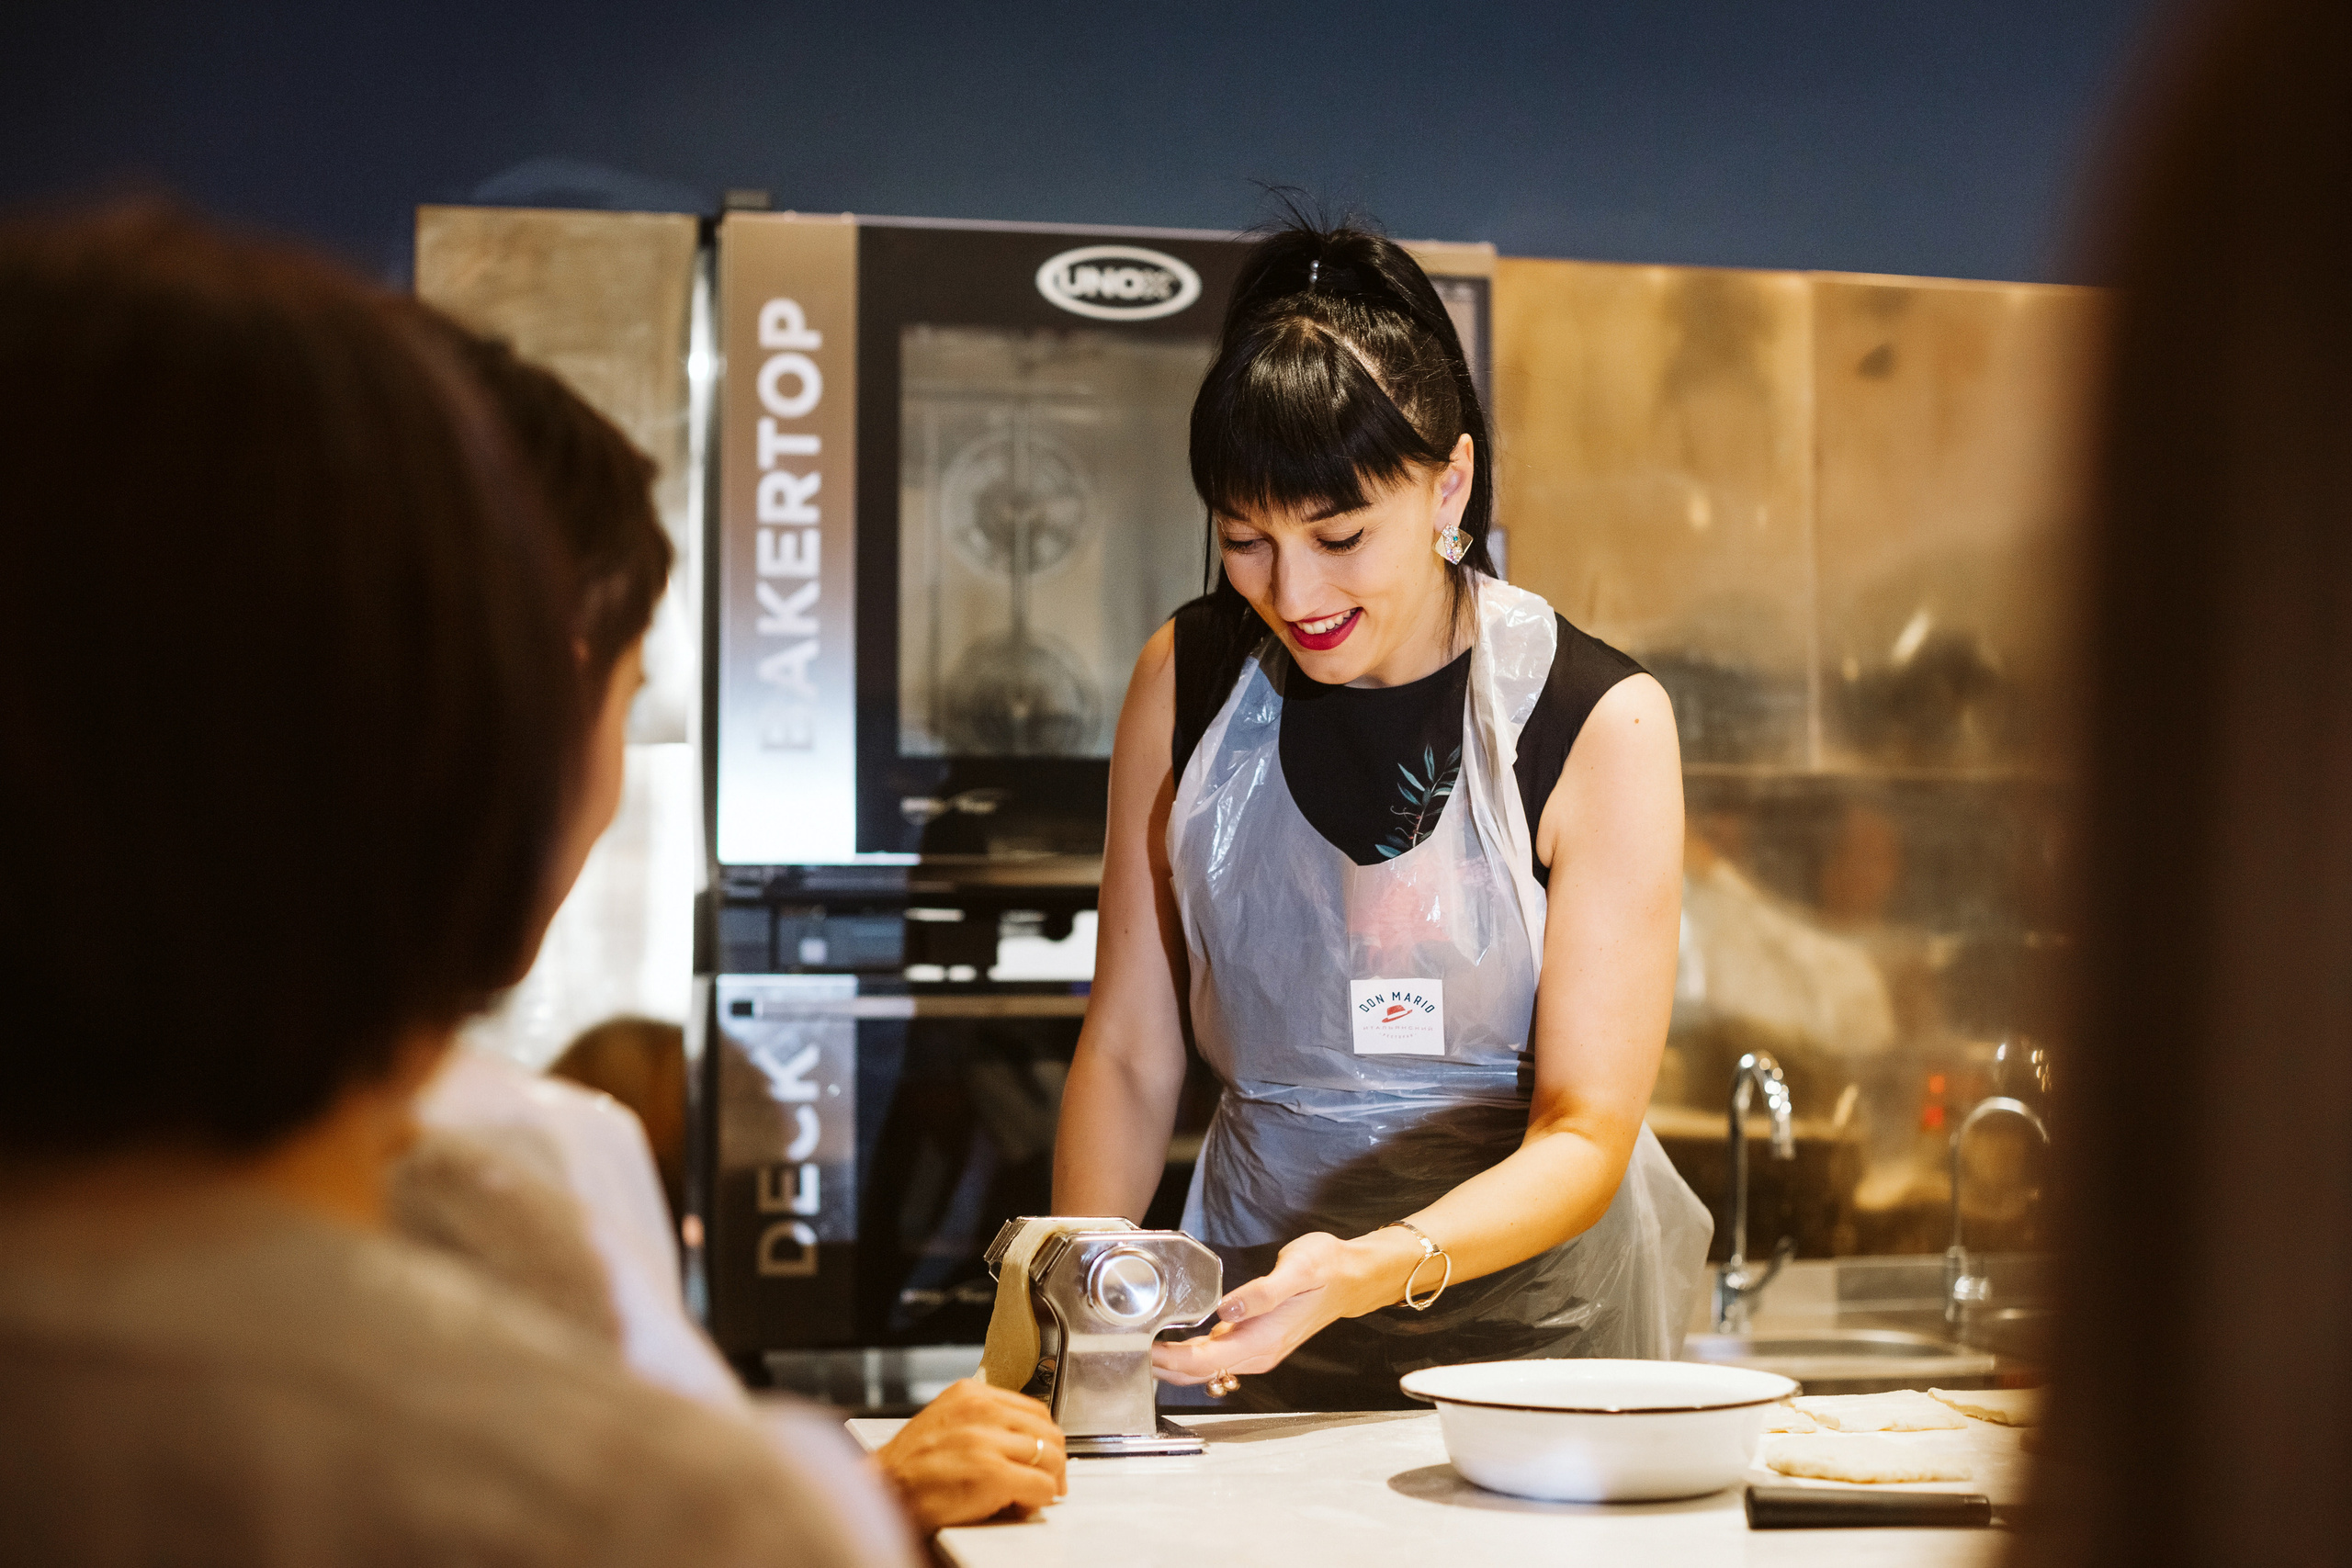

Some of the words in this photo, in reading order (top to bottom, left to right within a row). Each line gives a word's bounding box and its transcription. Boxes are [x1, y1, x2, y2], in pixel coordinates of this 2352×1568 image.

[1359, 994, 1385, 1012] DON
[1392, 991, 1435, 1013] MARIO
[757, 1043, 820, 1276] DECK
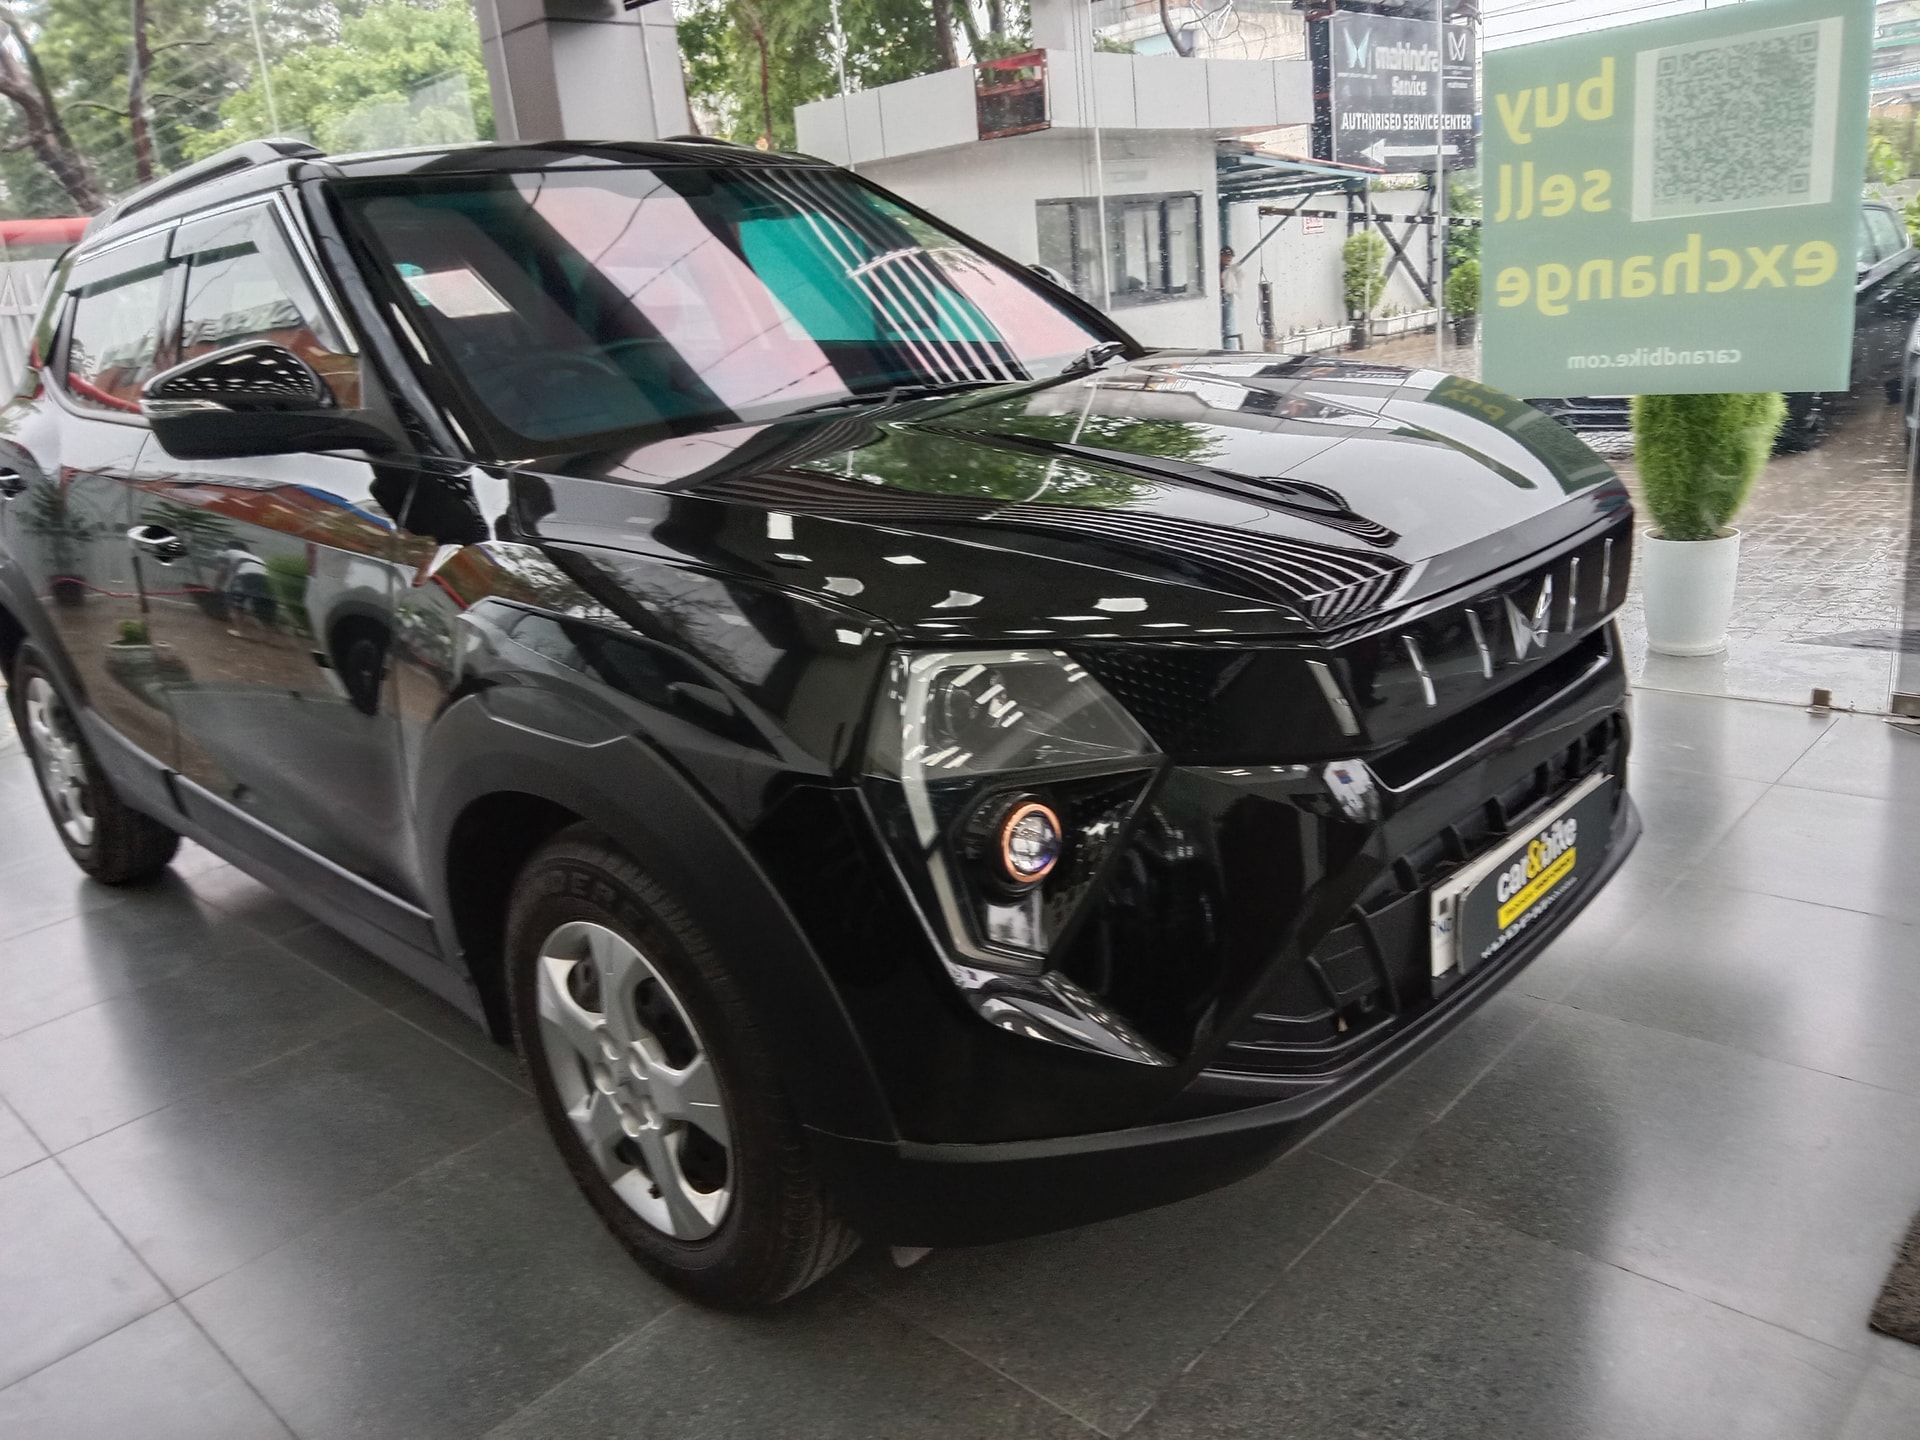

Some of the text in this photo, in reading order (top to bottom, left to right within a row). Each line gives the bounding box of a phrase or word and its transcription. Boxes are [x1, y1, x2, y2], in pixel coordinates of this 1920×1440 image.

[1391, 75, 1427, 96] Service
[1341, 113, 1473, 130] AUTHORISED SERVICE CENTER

________________

▶ _What is expected_
Can you retype every record above exactly, leaving out the pictures?

▶ _Response to this exercise_
Some of the words in this photo, in reading order (top to bottom, left to right within a row). Each line gives a word's bounding box and its transcription. Boxes are [x1, y1, x2, y2], in pixel coordinates of this 2352×1568 image.

[1359, 994, 1385, 1012] DON
[1392, 991, 1435, 1013] MARIO
[757, 1043, 820, 1276] DECK

Some of the text in this photo, in reading order (top to bottom, left to right within a row). Each line gives the bounding box of a phrase or word and its transcription. Boxes are [x1, y1, x2, y2], in pixel coordinates of this 1920×1440 image.

[1391, 75, 1427, 96] Service
[1341, 113, 1473, 130] AUTHORISED SERVICE CENTER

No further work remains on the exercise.